-- Opening Marker --
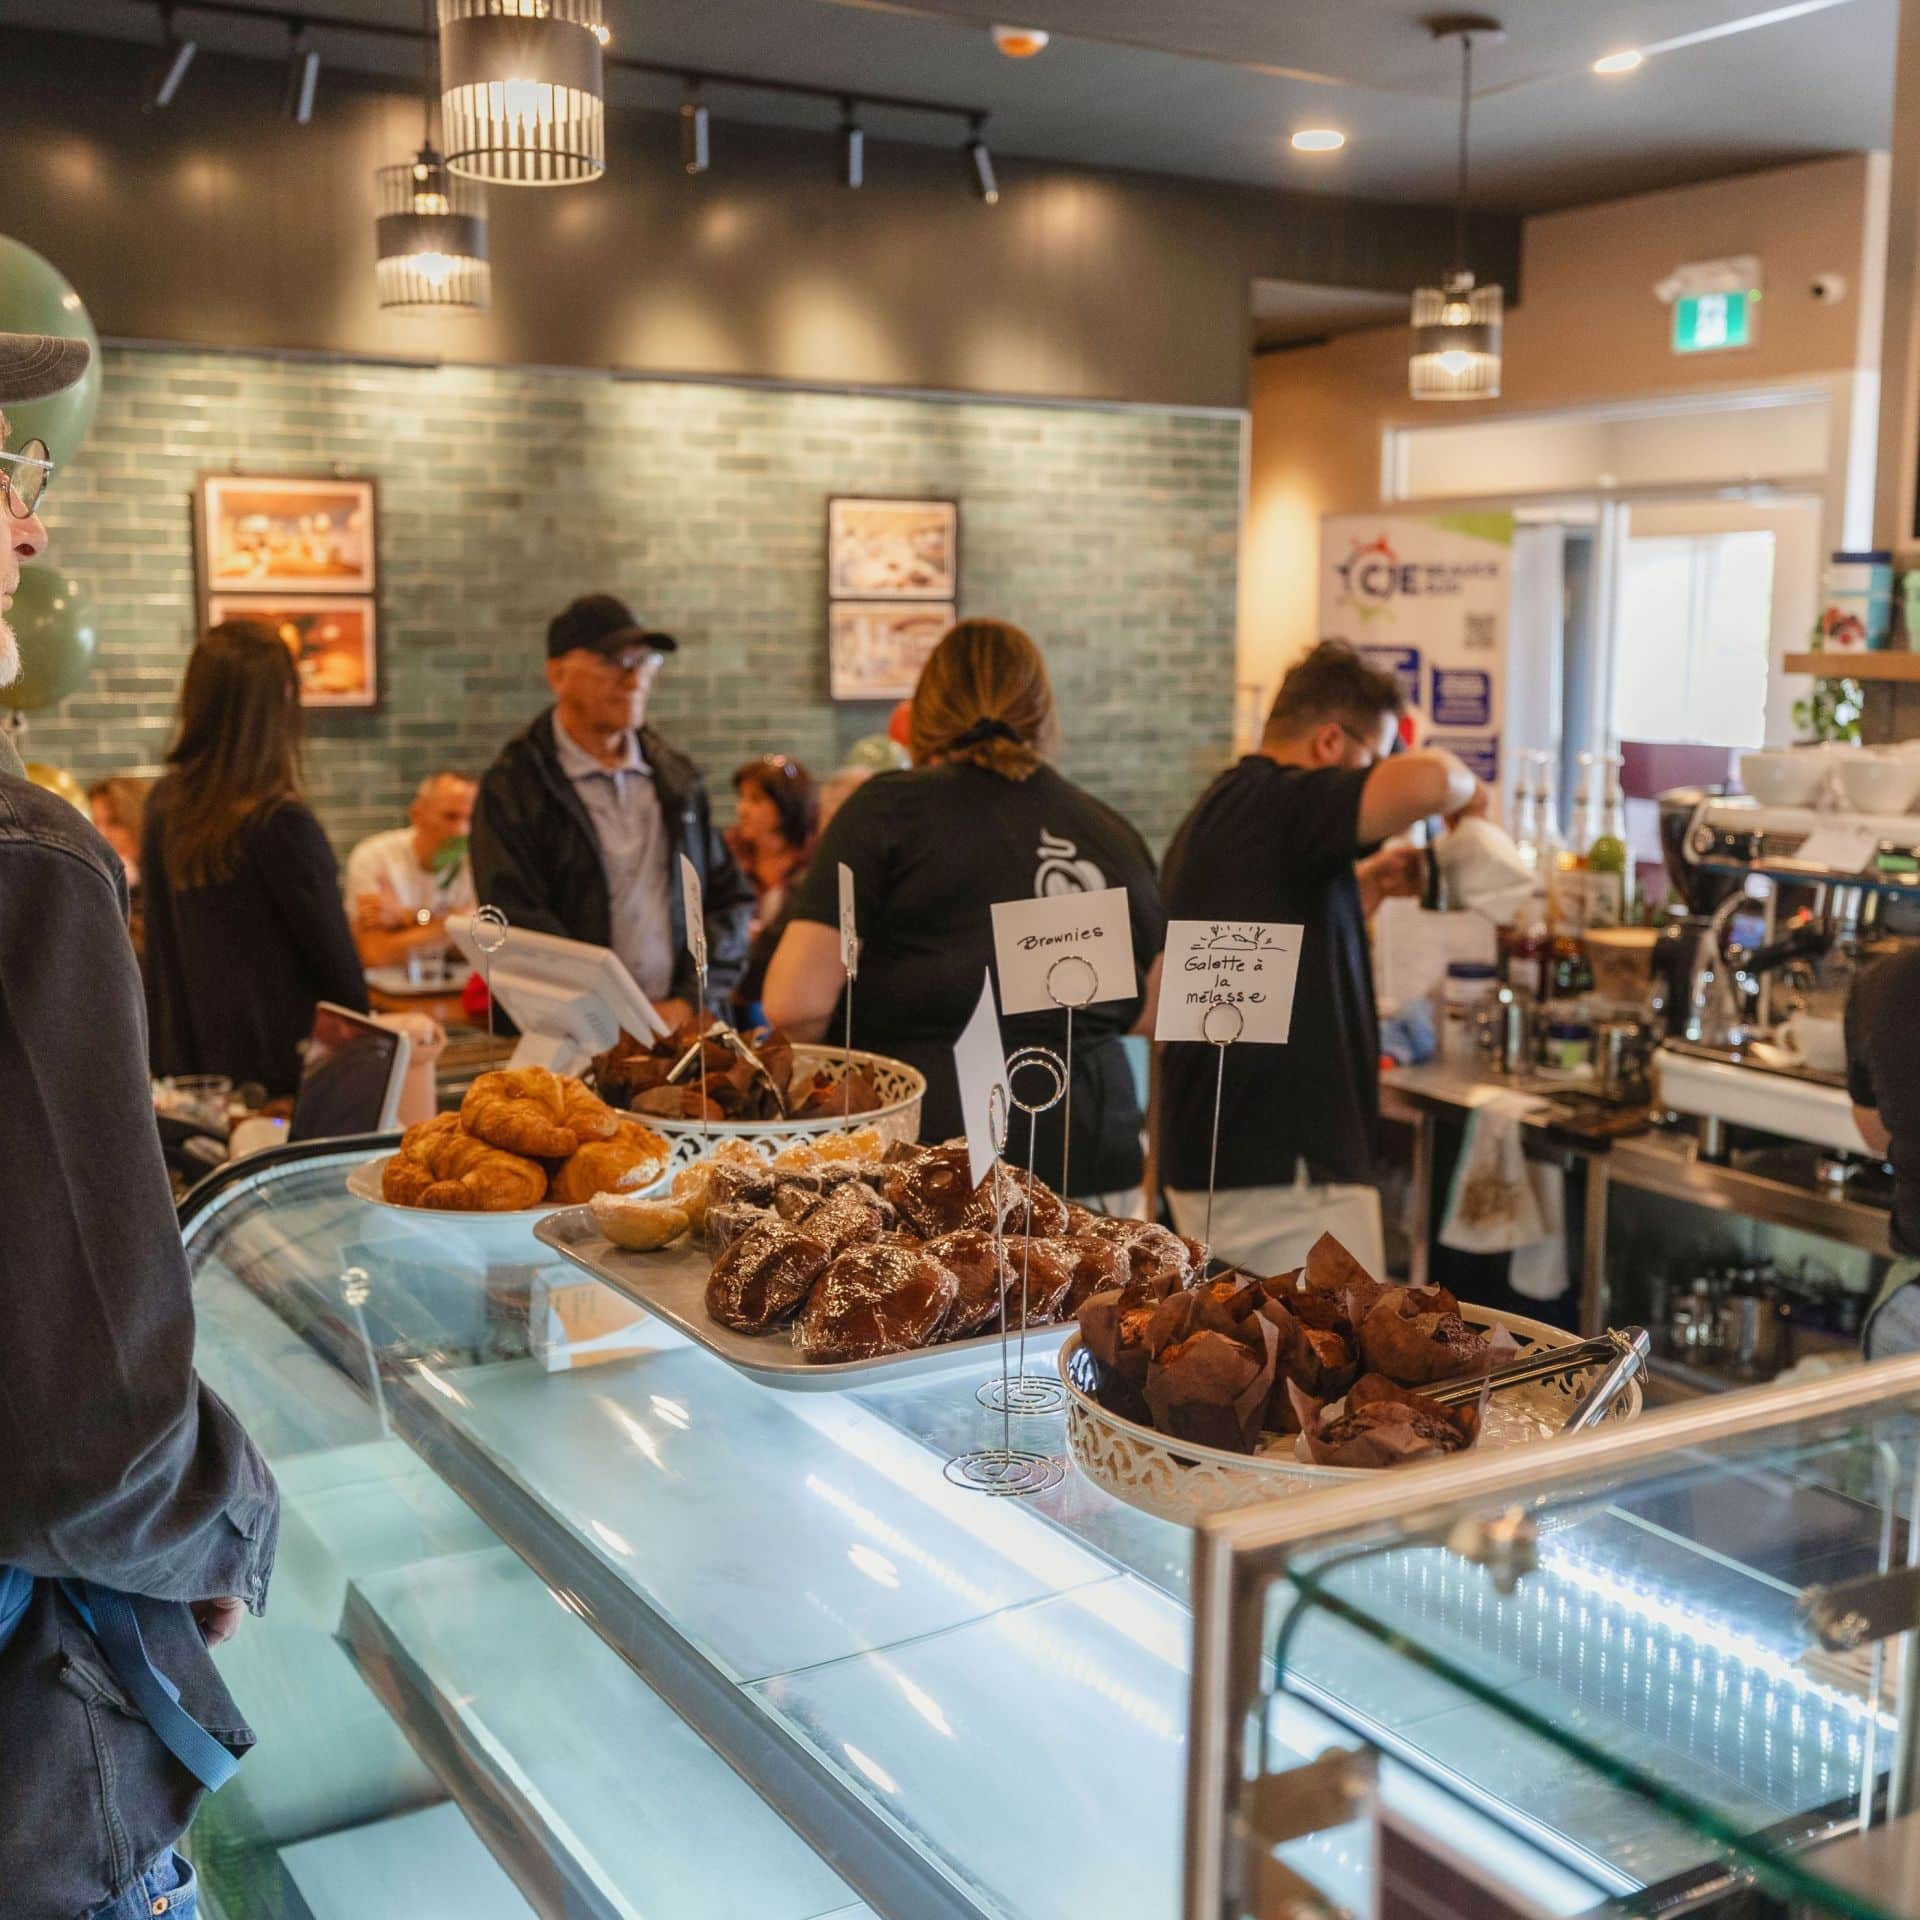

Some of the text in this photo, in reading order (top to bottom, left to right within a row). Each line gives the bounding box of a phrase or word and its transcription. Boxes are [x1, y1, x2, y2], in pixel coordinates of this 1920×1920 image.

[1016, 926, 1104, 951] Brownies
[1253, 958, 1264, 971] à
[1214, 974, 1231, 988] la
[1185, 990, 1267, 1004] mélasse
-- Closing Marker --
### [Work instruction]
Everything in the data except the pictures should be restated word for word.

### [Your response]
Some of the text in this photo, in reading order (top to bottom, left to right within a row). Each line gives the bounding box of a phrase or word and its transcription. Boxes are [x1, y1, x2, y2], in pixel coordinates of this 1920×1920 image.

[1016, 926, 1104, 951] Brownies
[1253, 958, 1264, 971] à
[1214, 974, 1231, 988] la
[1185, 990, 1267, 1004] mélasse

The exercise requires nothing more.